Advocating for Mandatory Vaccination

            Compulsory immunization
requirements should be a mainstay in the American society because they are
immensely beneficial in hindering vaccine-preventable diseases from occurring,
save families money, allow children to receive education, and are a safe and
effective way to protect the future generations. To this day, smallpox and
polio are no longer issues in our population because vaccines have made this
possible. The measles vaccine has been very successful in regulating this
disease that used to cause a lot of mortality (Omer et al.). Recently,
outbreaks of measles have started to reappear because people are deciding to
not vaccinate their children, which then causes it to spread quickly within the
population that is not vaccinated. If this trend stays consistent for long,
more vaccine-preventable diseases are going to start popping up in the United
States population and morbidity and mortality rates will start to rise as they
did before vaccination became possible.
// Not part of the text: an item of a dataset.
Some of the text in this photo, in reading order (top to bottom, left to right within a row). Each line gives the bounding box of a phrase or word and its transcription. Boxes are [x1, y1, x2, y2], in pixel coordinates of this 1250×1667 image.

Also, when people come in and out of
the U.S. who are from different countries where many vaccine-preventable
diseases are located, it puts everyone around them at risk for contracting
those diseases. Therefore, it is better for children to be vaccinated so that
there is no hazard in being in contact with these children coming from other
countries.

Families will save money by having their children immunized because they
will not pick up these diseases, therefore, the parents will not have to take
on extra medical bills or take time off of work to care for a sick child. Also,
if a child comes down with a vaccine-preventable disease they can be excluded
from school or day care. This has a negative impact on a child’s education and
is something that families should want to avoid.
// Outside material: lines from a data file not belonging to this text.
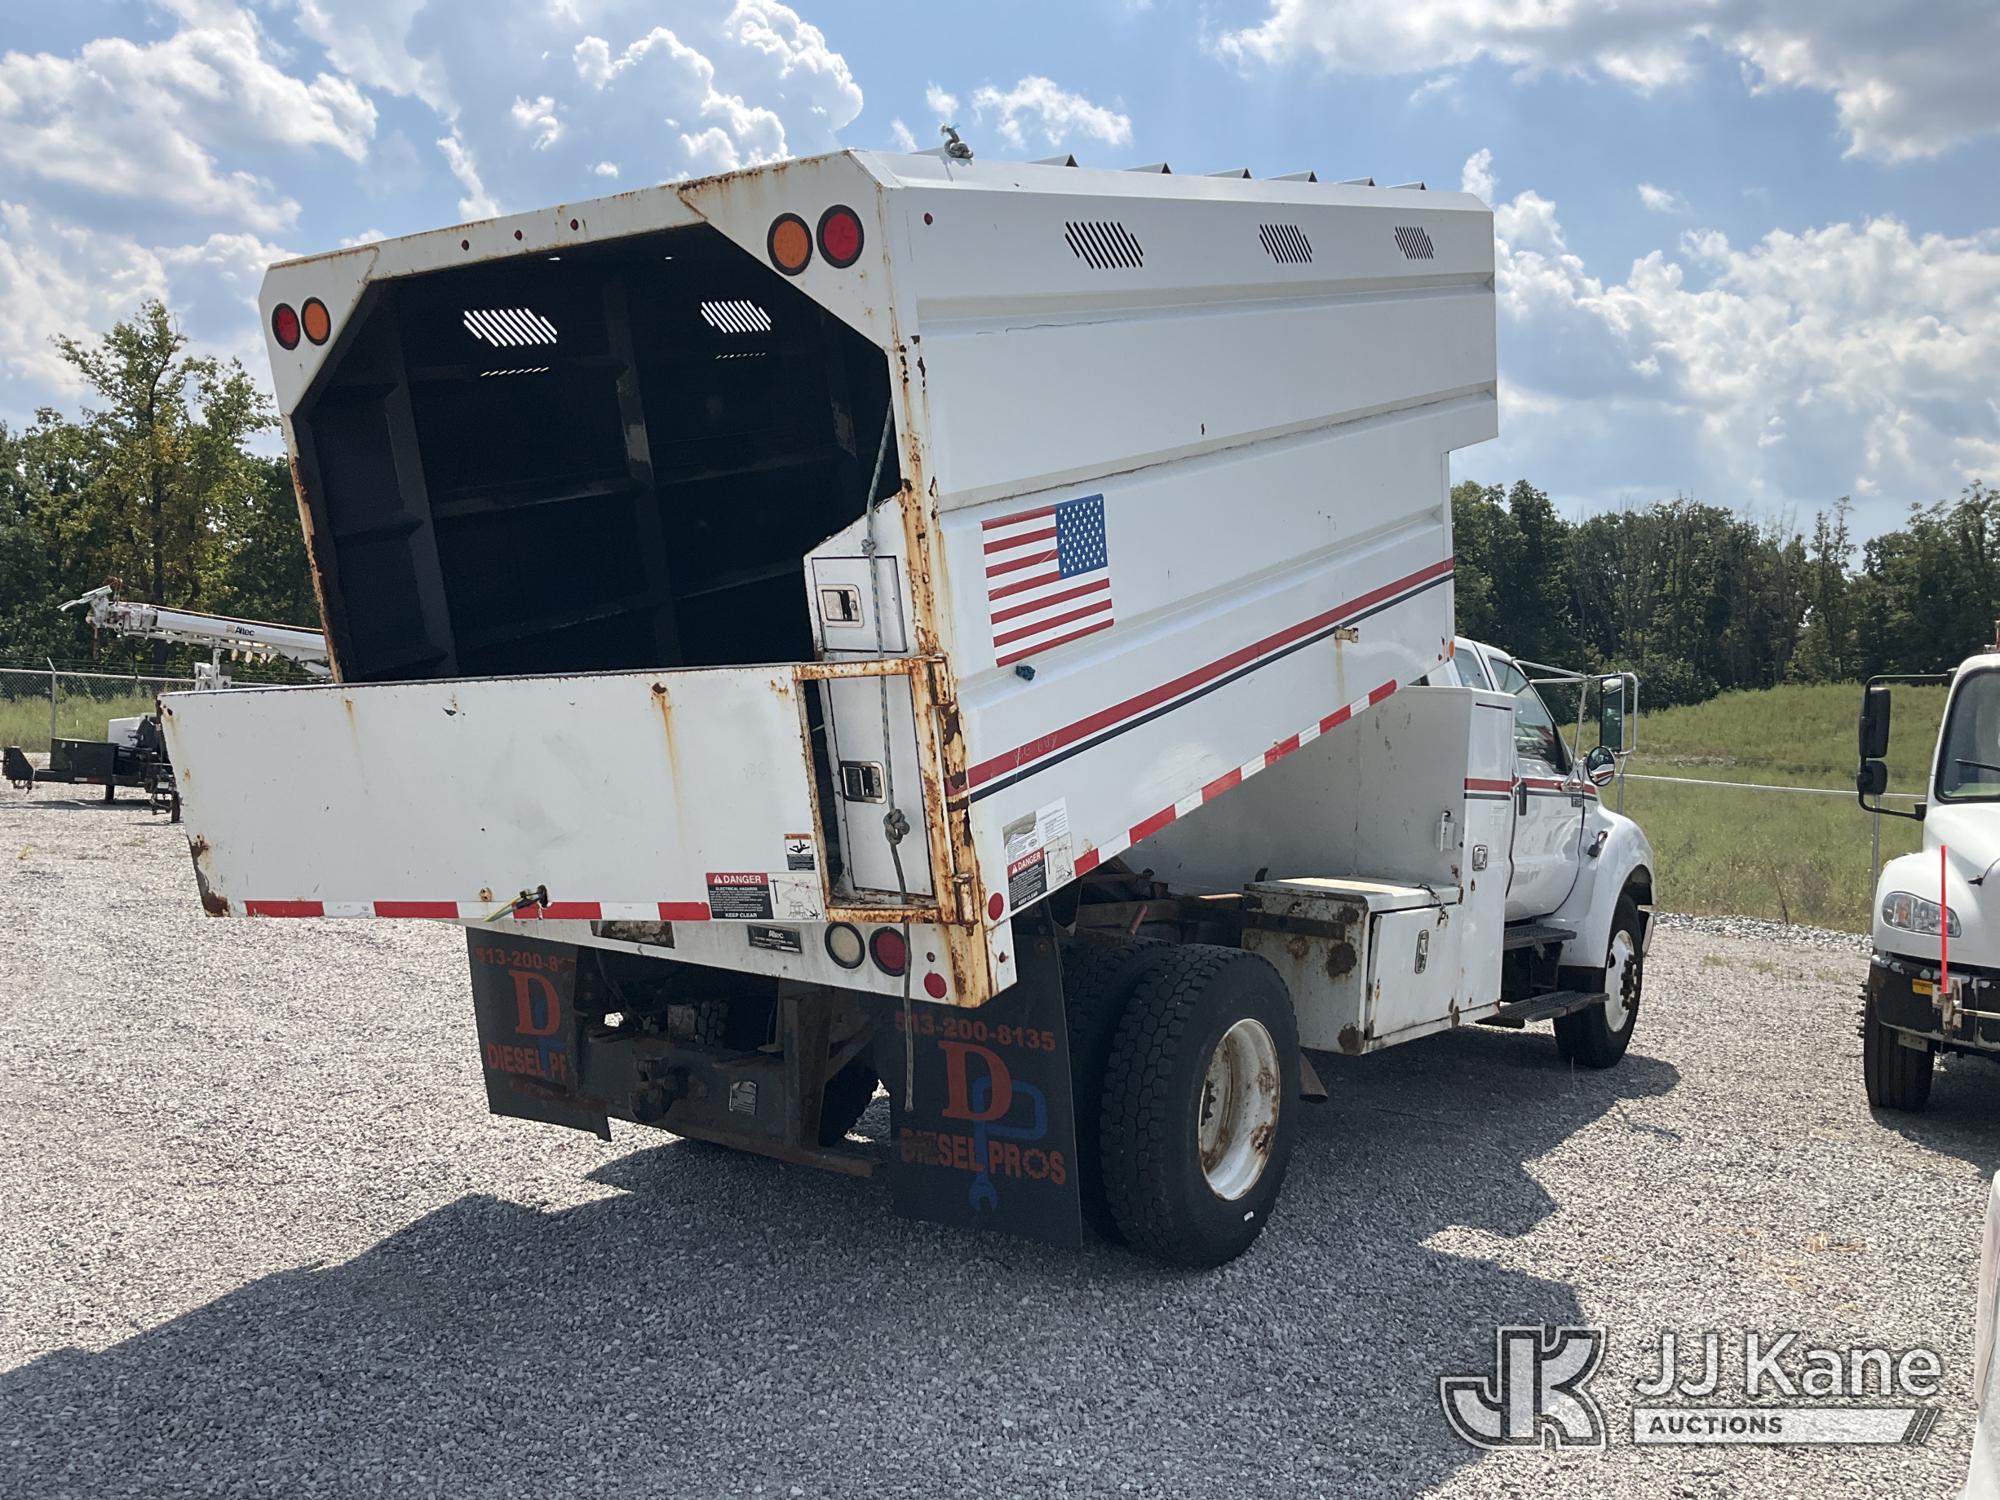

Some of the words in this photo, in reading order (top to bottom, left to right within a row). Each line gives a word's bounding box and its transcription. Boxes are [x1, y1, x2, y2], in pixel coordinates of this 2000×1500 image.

[235, 626, 255, 636] Altec
[1017, 851, 1041, 870] DANGER
[723, 875, 762, 884] DANGER
[508, 969, 560, 1036] D
[488, 1042, 545, 1076] DIESEL
[901, 1128, 983, 1171] DIESEL
[988, 1141, 1066, 1184] PROS
Lastly, families who immunize their children are taking the preventative
steps of protecting the future generations from these illnesses and could
possibly even eradicate some of the vaccine-preventable diseases that we deal
with today. All vaccines that are given in the U.S. have to be approved by the
Food and Drug Administration before it can be used. A large amount of testing
is done, such as clinical trails, and is only approved if it is effective and
safe to be used by the population (“Vaccines are Effective”). Mandatory
vaccination should be upheld within America so that we can all live longer and
healthier lives.

Conclusion

            The United States of America relies
heavily on compulsory immunization to keep the population safe from dangerous
vaccine-preventable diseases because it is the most efficient public health
intervention that we have. As investigated, there are multiple factors that
play into the decision-making process for families to get their children
vaccinated and there are reasonable ethical arguments from both sides. Overall,
the controversy of this topic is intense, but the benefits of immunization
outweigh the negatives and the U.S. should continue to implement these
requirements for the greater good of our country.